Laruelle and Art is primarily concerned with examining the relation between art and philosophy, one in which philosophy has historically exerted its self-legislated dominance over the meaning of art (23). This entrenched prioritization stems from standard philosophy’s capacity to auto-position itself as the definitively authoritative form of thought, one that is sufficient to know and then decide the Real (11). Rather than simply accept that philosophy can access the Real and, in turn, is justified in subordinating art to philosophy, Laruellian non-aesthetics, which Fardy expounds and mutates throughout this work, performs an experiment wherein it considers all thought to be “clone[d]” “raw materials” which equally have no access to the Real (xvii, xiv). Within this radical “democracy of thought,” the traditional conception of philosophy dominating over art is replaced by an “art of philosophy” or “art-thought,” in which the immanent hypothesis of an artwork becomes a model from which the two disciplines are “superposed” to form a “matrixed” thought (108, xvi, xiii, xiv, xvii).
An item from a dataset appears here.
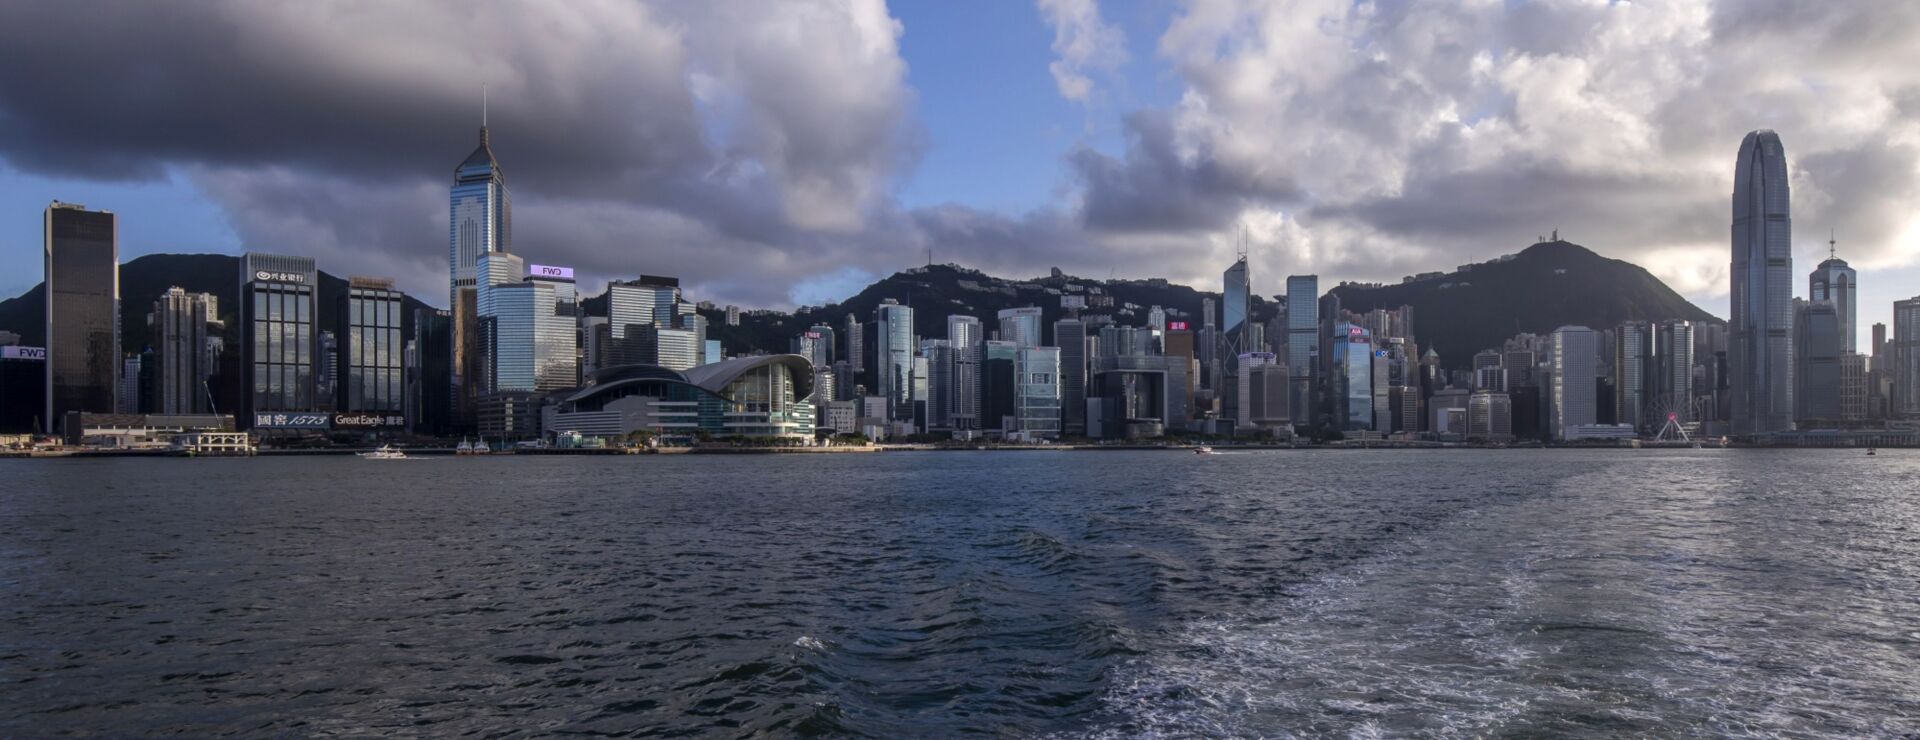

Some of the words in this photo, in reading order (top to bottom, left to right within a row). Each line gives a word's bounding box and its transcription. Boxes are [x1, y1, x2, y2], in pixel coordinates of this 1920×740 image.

Fardy’s work is not only impressive in its clear engagement with how artists, artworks, and philosophers perform a posture of non-aesthetics, but particularly through its own performance of non-aesthetics, that is, an oscillation between modes of thought which complicate and, at moments, even transcend the border assumed by the question of the relation between art and philosophy (37).
The opening section of Laruelle and Art offers an incredibly succinct and proficient introduction to numerous non-philosophical concepts (e.g., determination in/of the last instance or DLI, the One, Principle of Sufficient Philosophy, etc.), which serves as an excellent review for those already familiar with the thought of Laruelle, as well as a helpful introduction for those less familiar. Fardy makes it clear that the fundamental reason for the perpetual domination of art by philosophy stems from standard philosophy’s own self-prescribed sufficiency to legislate reality and institute the Real, ignoring that whatever it identifies as the Real (e.g., Alterity, Being, Difference, etc.) can only ever represent the Real as something else (23). To avoid generating yet another representationalist account of the Real and inciting its subsequent hierarchization of concepts, Fardy considers how non-philosophy performs an axiomatic posture which recognizes the Real as entirely “foreclosed to full epistemic access” (113). With all thought equally incapable of deciding the Real, thought becomes considered material that can be used to form new “combines” (a term cloned from Robert Rauschenberg) of non-aesthetic thought that correlate with the Real through “dualysis” (8, 137). These new “combines” of raw material perform a “theory-fiction” (a term cloned from Jean Baudrillard) which offers a discourse that is parallel to the discourse of standard philosophy (15). This parallel discourse involving art and philosophy does not seek to expound a “critical mimesis of the work of art, but rather to take art-making as a model for doing philosophy,” one that thinks according to the cloned “non-relationality” of the Real (24, 35). Throughout this entire section, Fardy’s choice of grammar, rhetoric, and syntax reveals an author fully aware of the importance of style as a fundamental theoretical question for the practice of non-philosophy. As Fardy notes, style is incredibly important for the strategy of “resistance to Philosophical Decision” (49). By cloning Rauschenberg’s “combines” or Baudrillard’s thought on theory, Fardy’s engagement avoids presenting or introducing Laruelle’s thought as an authoritative source about the Real, choosing instead to participate in thought alongside the Real (13).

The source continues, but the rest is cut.